Exercise description.
Repeat every line of the data exactly; no picture belongs in the copy.

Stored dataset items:

***

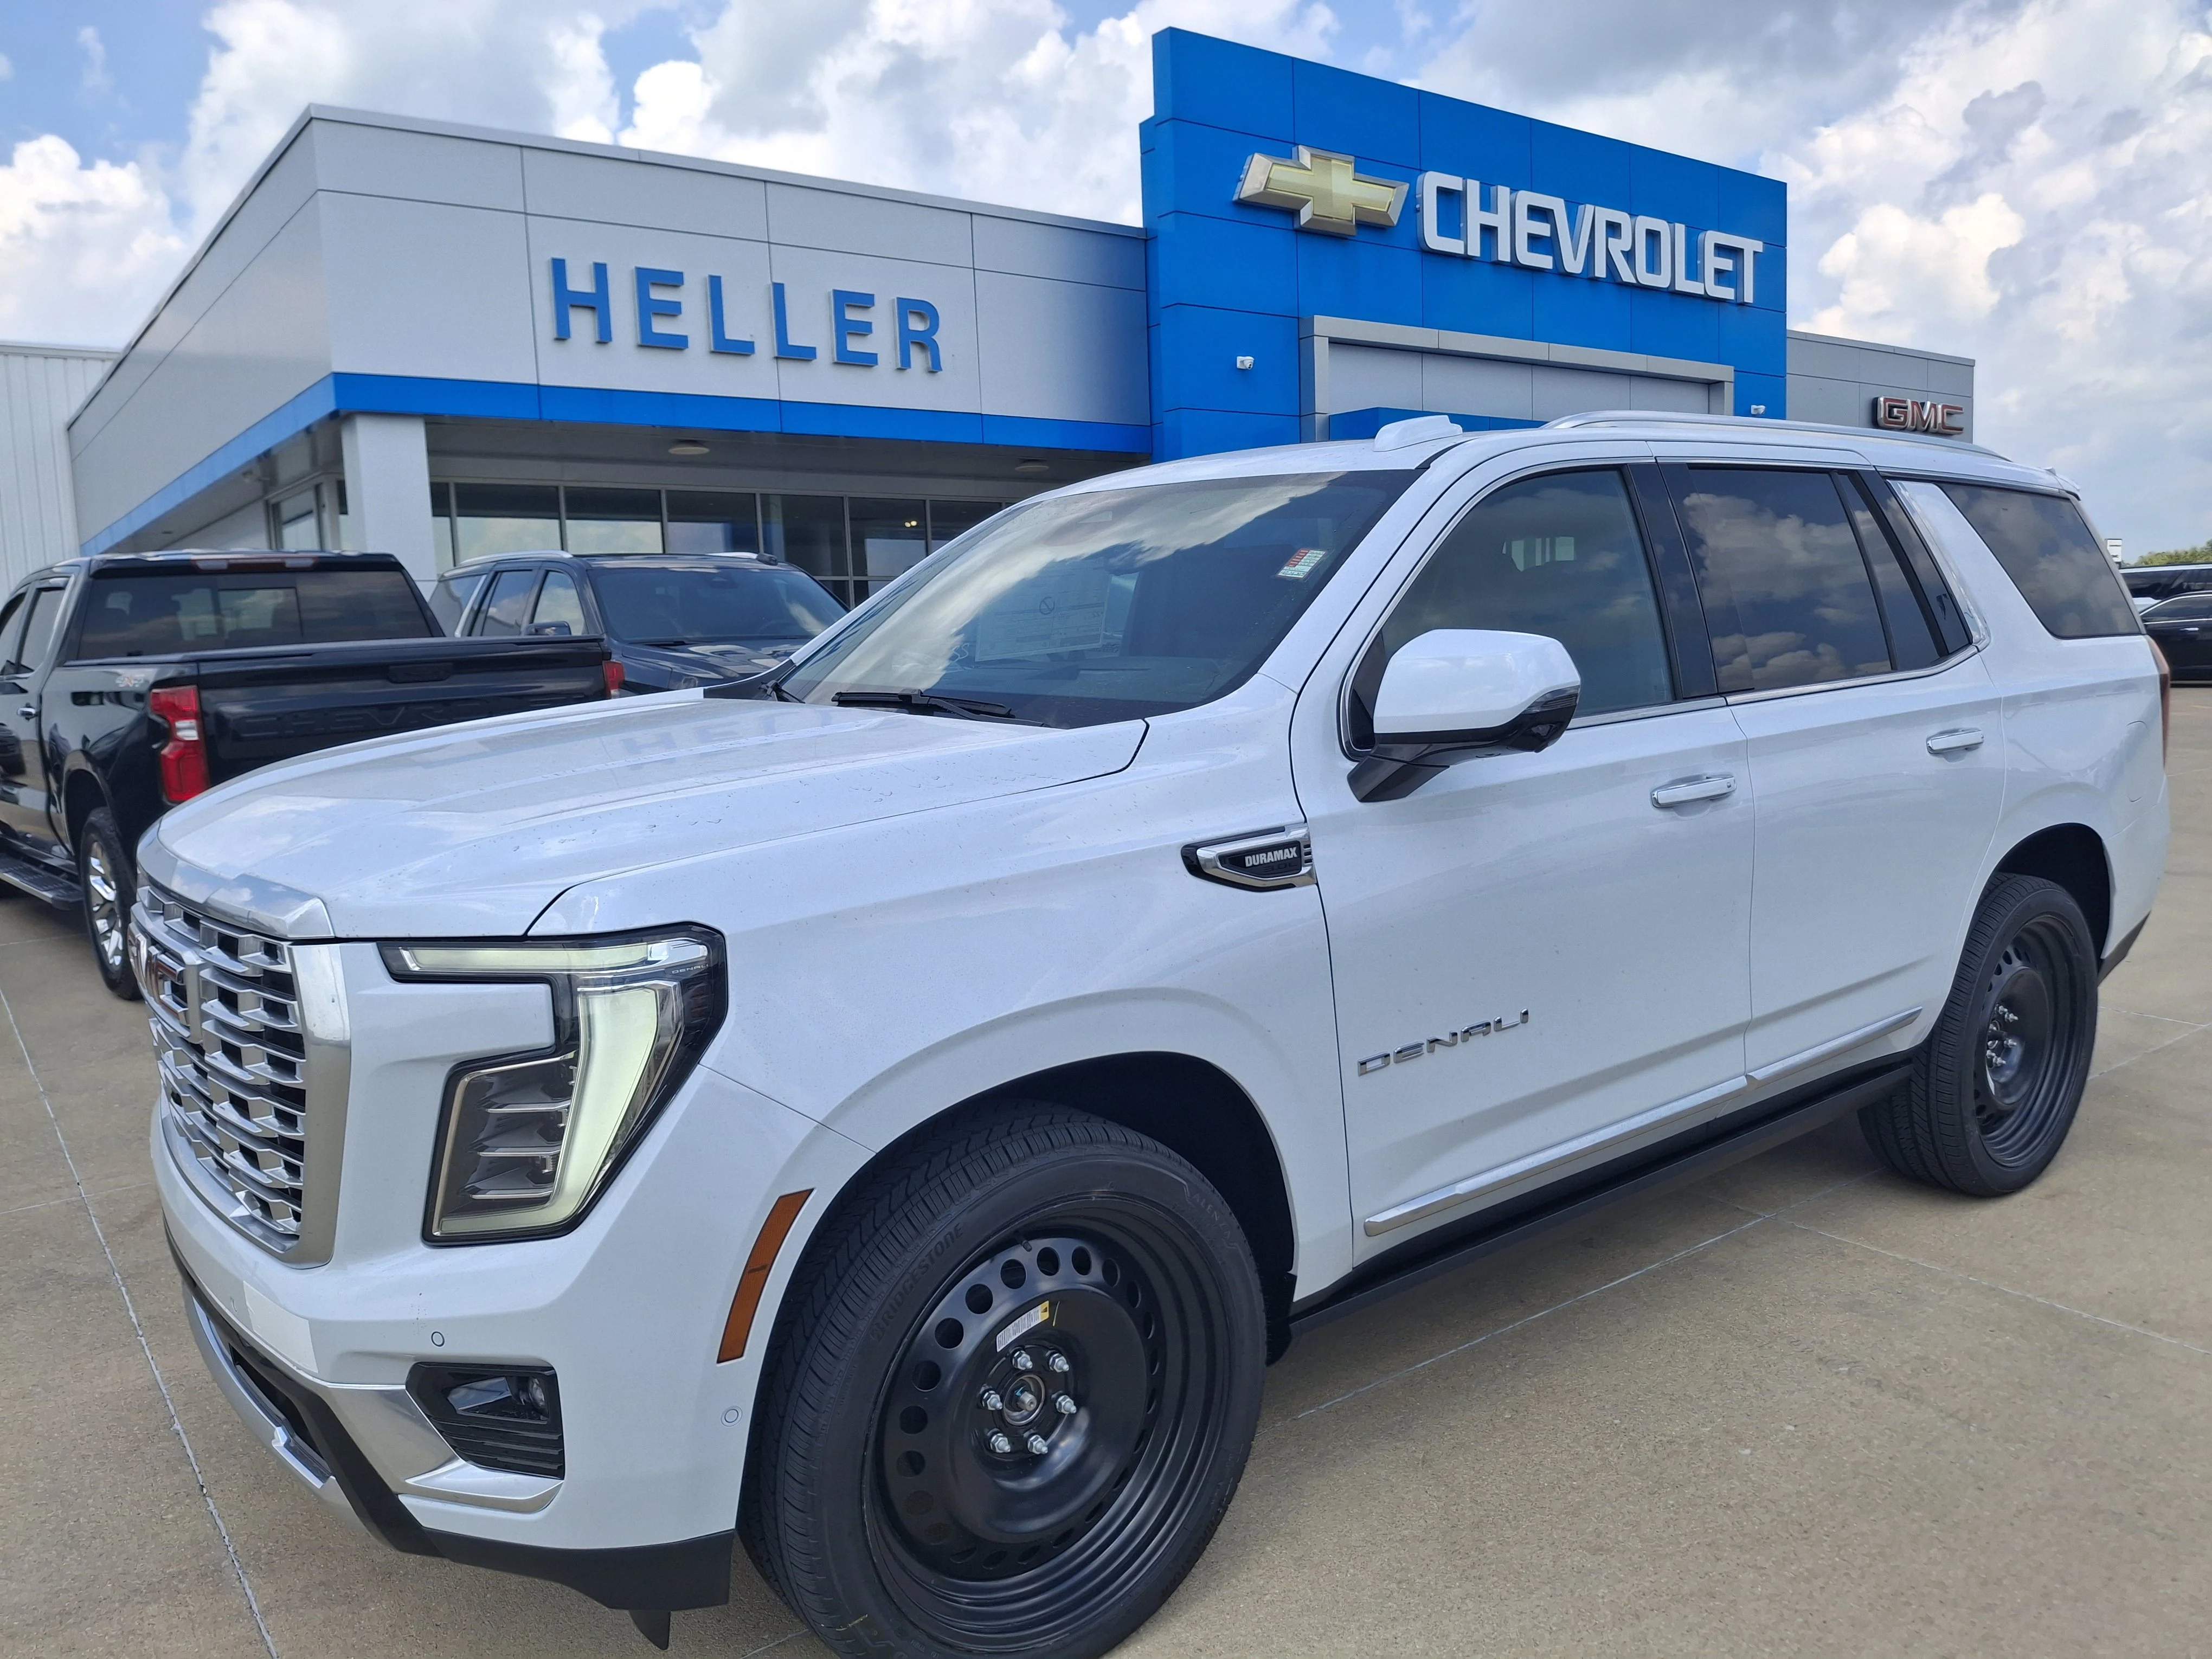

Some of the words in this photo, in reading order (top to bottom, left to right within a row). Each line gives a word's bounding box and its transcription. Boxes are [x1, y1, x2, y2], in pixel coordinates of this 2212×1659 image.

[1416, 170, 1763, 304] CHEVROLET
[550, 257, 943, 373] HELLER
[1873, 395, 1965, 435] GMC
[1245, 847, 1298, 867] DURAMAX
[672, 964, 709, 974] DENALI
[1358, 1008, 1529, 1077] DENALI
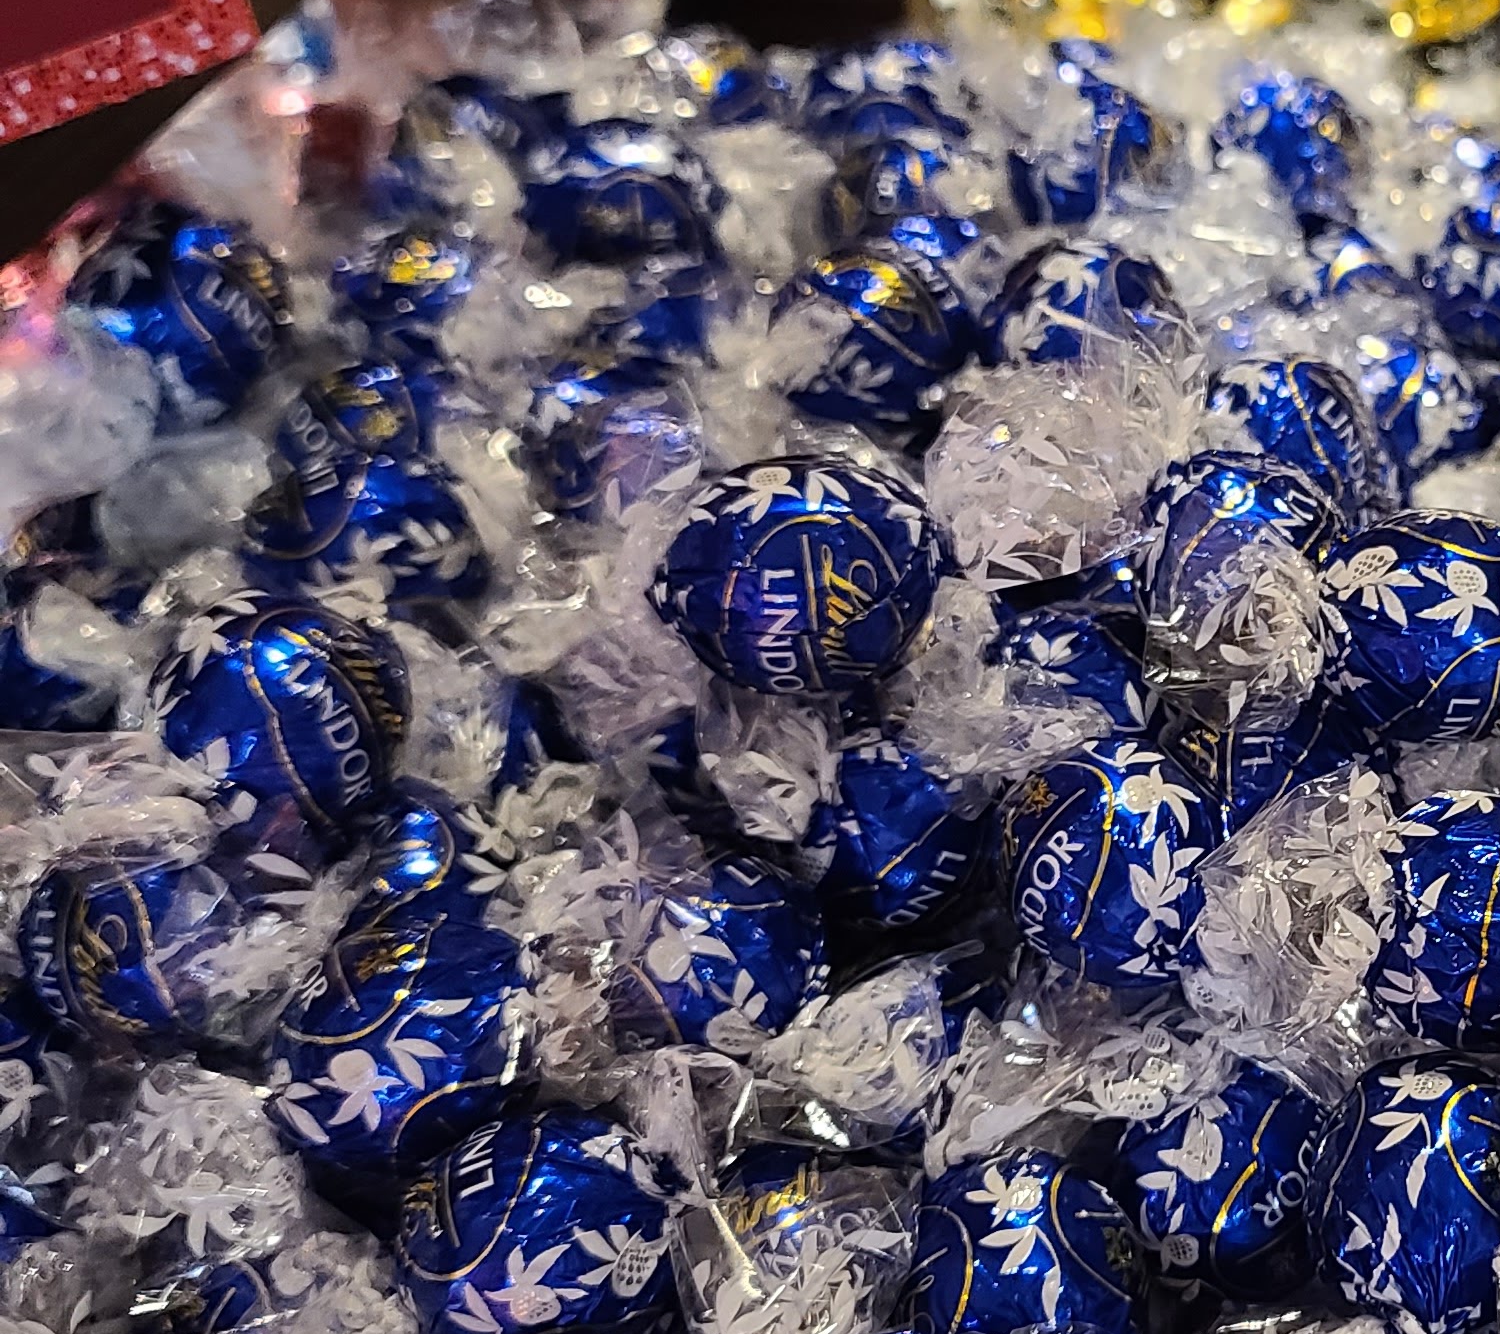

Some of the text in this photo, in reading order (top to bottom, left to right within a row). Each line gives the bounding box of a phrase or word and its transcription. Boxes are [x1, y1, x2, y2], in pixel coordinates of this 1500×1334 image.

[203, 275, 273, 351] LIND
[757, 567, 807, 695] LINDO
[1436, 696, 1482, 742] LIN
[885, 848, 968, 928] LIND
[32, 909, 71, 1017] LIND
[458, 1119, 503, 1200] LIND

***

Result of this task.
Some of the words in this photo, in reading order (top to bottom, left to right within a row). Each line gives a word's bounding box and its transcription. Boxes are [x1, y1, x2, y2], in pixel coordinates of this 2212×1659 image.

[1416, 170, 1763, 304] CHEVROLET
[550, 257, 943, 373] HELLER
[1873, 395, 1965, 435] GMC
[1245, 847, 1298, 867] DURAMAX
[672, 964, 709, 974] DENALI
[1358, 1008, 1529, 1077] DENALI

Some of the text in this photo, in reading order (top to bottom, left to right within a row). Each line gives the bounding box of a phrase or word and its transcription. Boxes are [x1, y1, x2, y2], in pixel coordinates of this 1500×1334 image.

[203, 275, 273, 351] LIND
[757, 567, 807, 695] LINDO
[1436, 696, 1482, 742] LIN
[885, 848, 968, 928] LIND
[32, 909, 71, 1017] LIND
[458, 1119, 503, 1200] LIND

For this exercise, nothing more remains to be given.